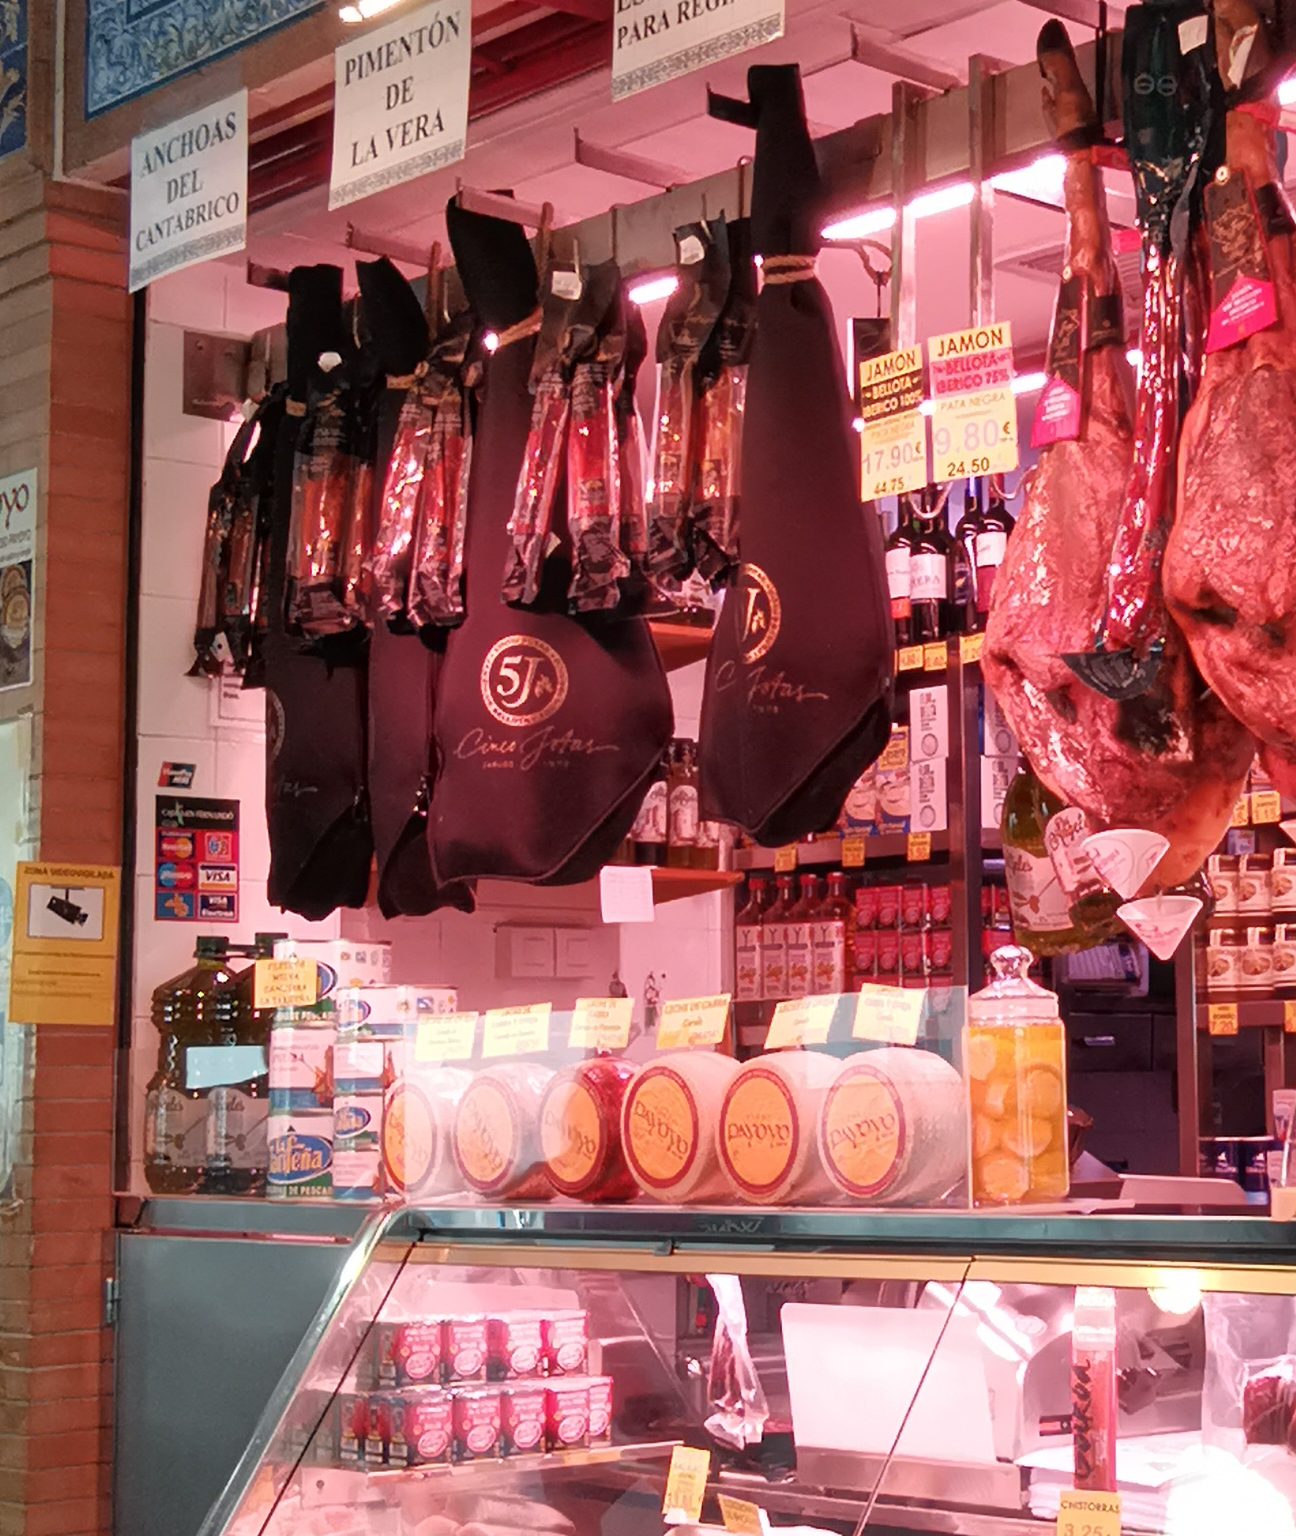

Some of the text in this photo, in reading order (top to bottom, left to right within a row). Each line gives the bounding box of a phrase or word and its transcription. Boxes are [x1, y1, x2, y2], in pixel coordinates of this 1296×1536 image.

[344, 10, 460, 86] PIMENTÓN
[616, 13, 670, 50] PARA
[386, 76, 414, 111] DE
[140, 112, 236, 179] ANCHOAS
[351, 109, 445, 167] LA VERA
[167, 169, 203, 204] DEL
[135, 191, 239, 253] CANTABRICO
[938, 329, 1003, 357] JAMON
[867, 350, 916, 381] JAMON
[872, 377, 912, 399] BELLOTA
[948, 457, 990, 477] 24.50
[496, 655, 545, 708] 5J
[205, 871, 231, 882] VISA
[1060, 1500, 1119, 1514] CHISTORRAS
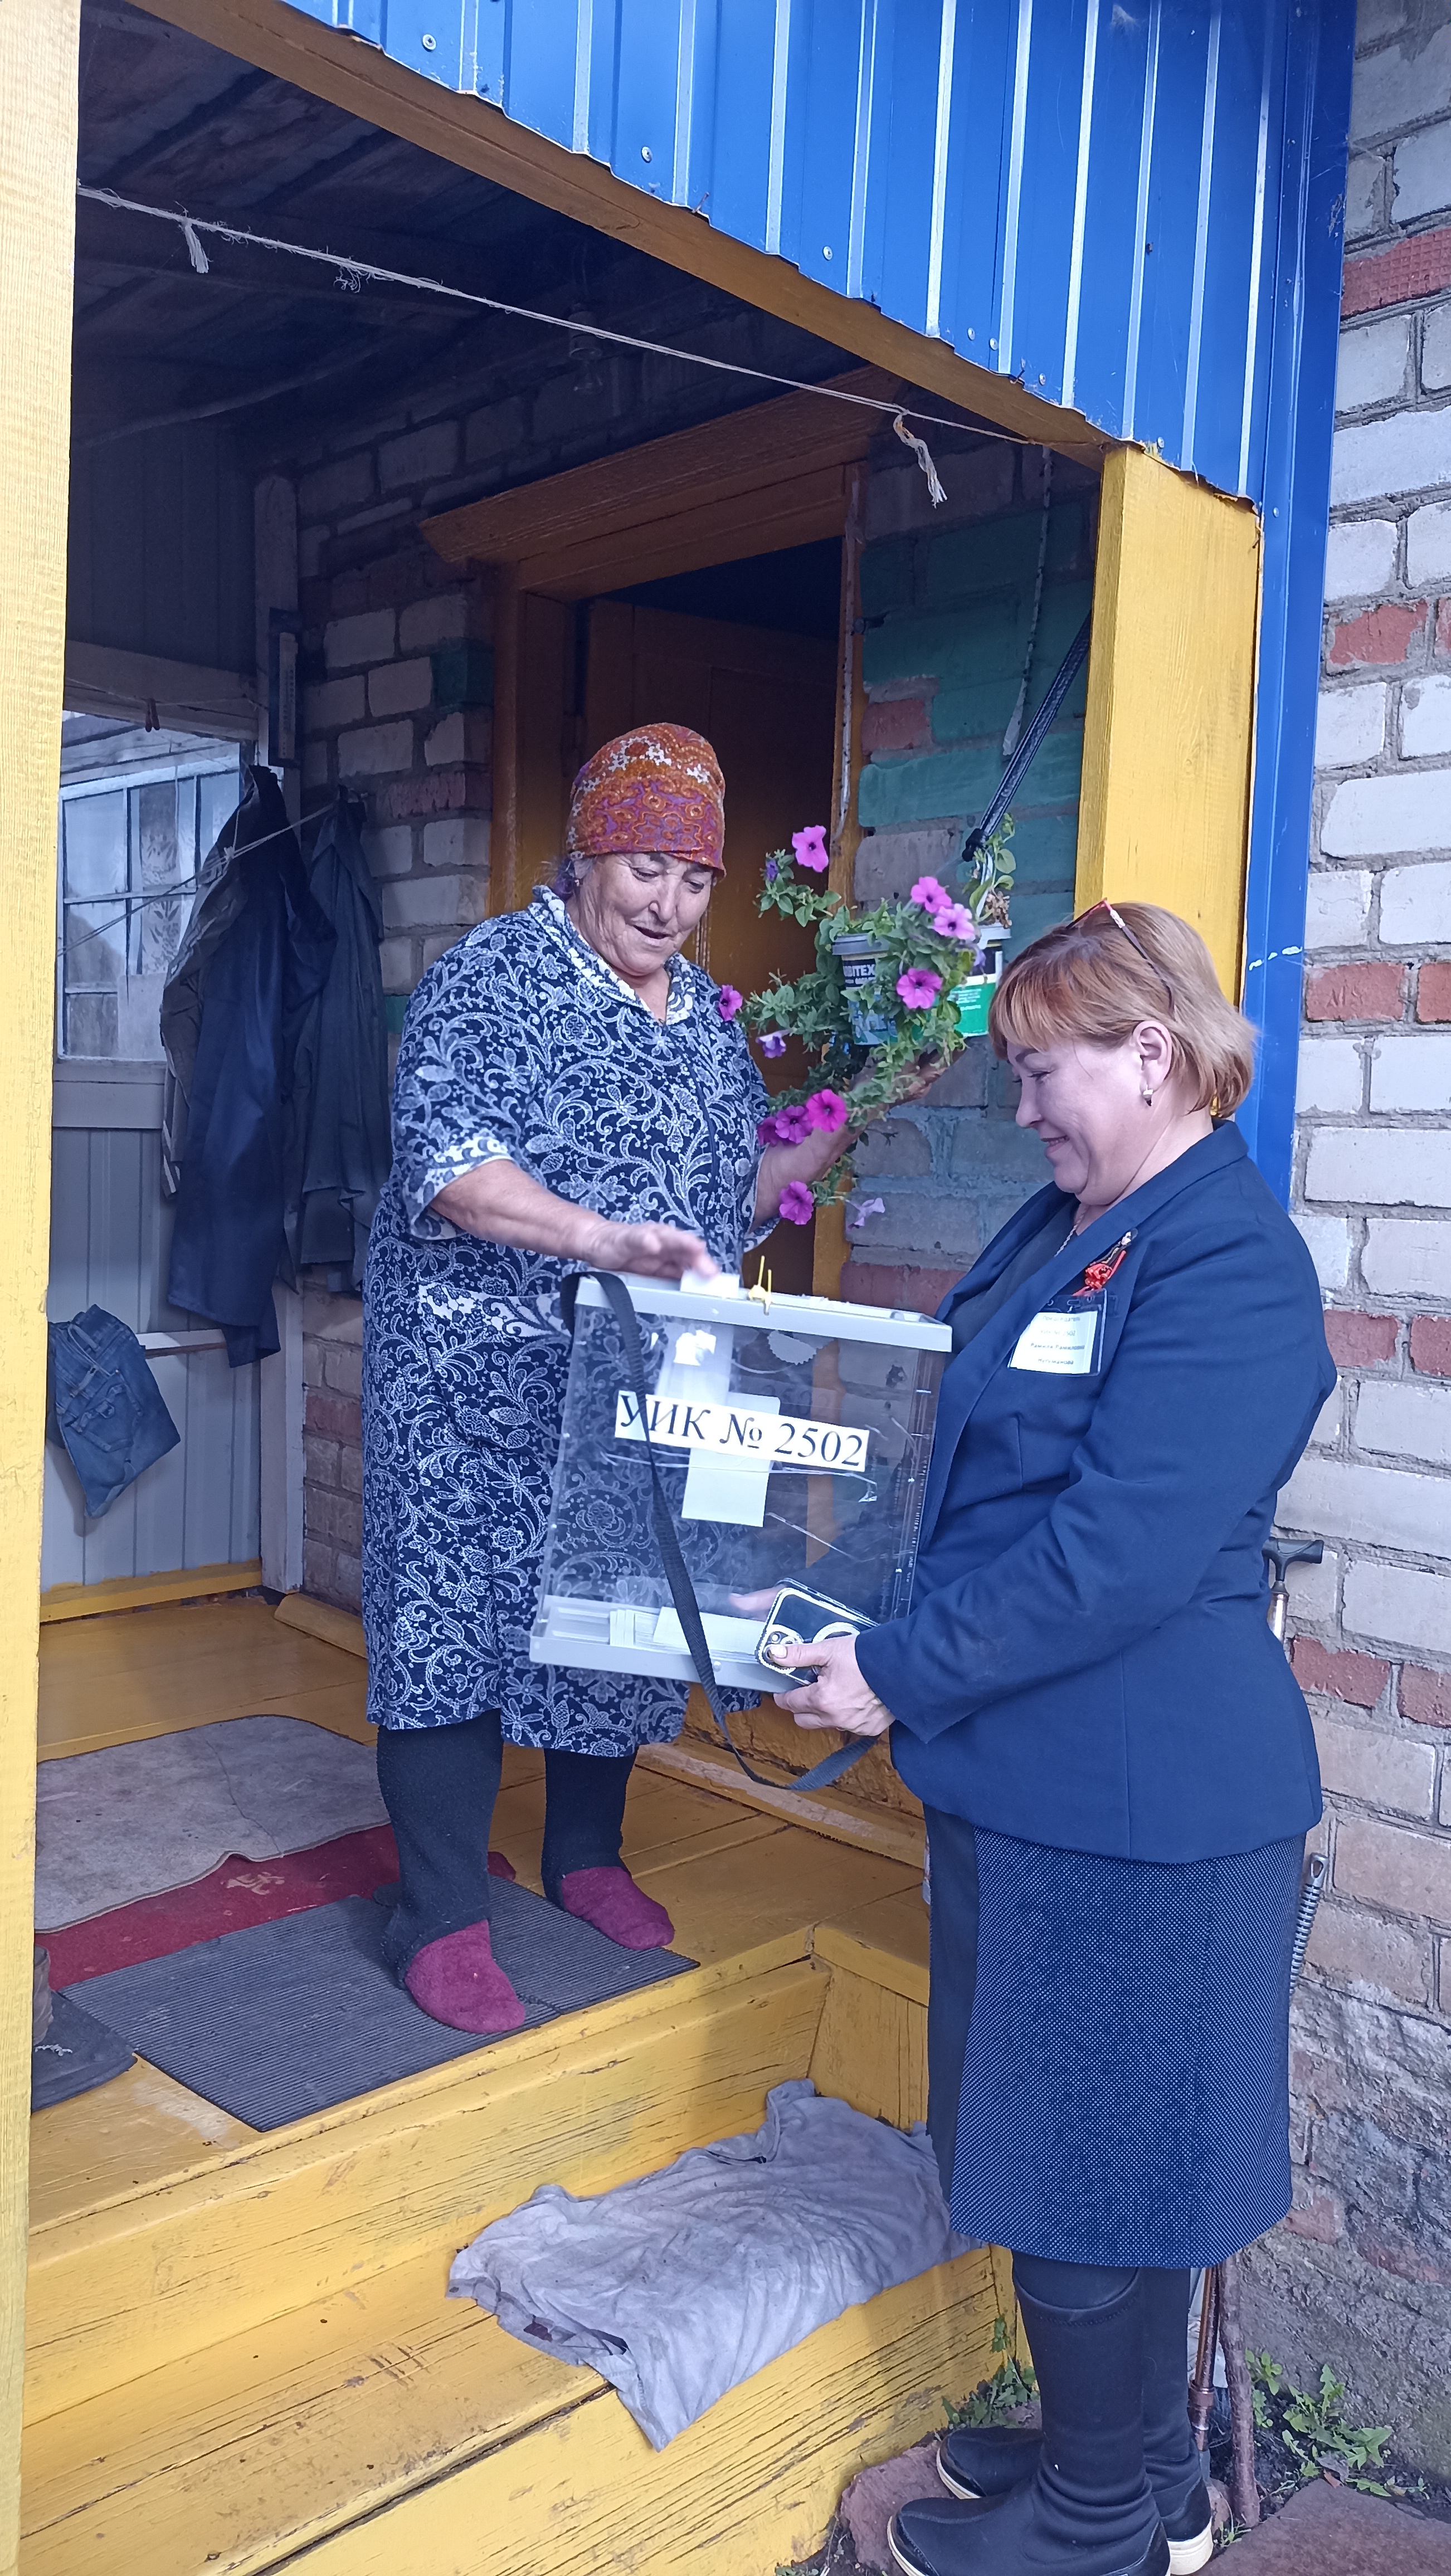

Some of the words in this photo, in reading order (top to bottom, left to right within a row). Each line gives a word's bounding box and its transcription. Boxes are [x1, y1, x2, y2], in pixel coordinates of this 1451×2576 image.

[620, 1394, 711, 1440] УИК
[719, 1413, 763, 1449] №
[774, 1423, 863, 1466] 2502

WHAT YOU HAVE TO DO:
Could you restate every entry above word for word, leaving out the pictures?

RESULT BELOW:
Some of the text in this photo, in reading order (top to bottom, left to right within a row). Each line gives the bounding box of a phrase or word and its transcription. Boxes are [x1, y1, x2, y2], in pixel coordinates of this 1296×1536 image.

[344, 10, 460, 86] PIMENTÓN
[616, 13, 670, 50] PARA
[386, 76, 414, 111] DE
[140, 112, 236, 179] ANCHOAS
[351, 109, 445, 167] LA VERA
[167, 169, 203, 204] DEL
[135, 191, 239, 253] CANTABRICO
[938, 329, 1003, 357] JAMON
[867, 350, 916, 381] JAMON
[872, 377, 912, 399] BELLOTA
[948, 457, 990, 477] 24.50
[496, 655, 545, 708] 5J
[205, 871, 231, 882] VISA
[1060, 1500, 1119, 1514] CHISTORRAS

Some of the words in this photo, in reading order (top to bottom, left to right within a row). Each line gives a word's bounding box and its transcription. Boxes are [x1, y1, x2, y2], in pixel coordinates of this 1451×2576 image.

[620, 1394, 711, 1440] УИК
[719, 1413, 763, 1449] №
[774, 1423, 863, 1466] 2502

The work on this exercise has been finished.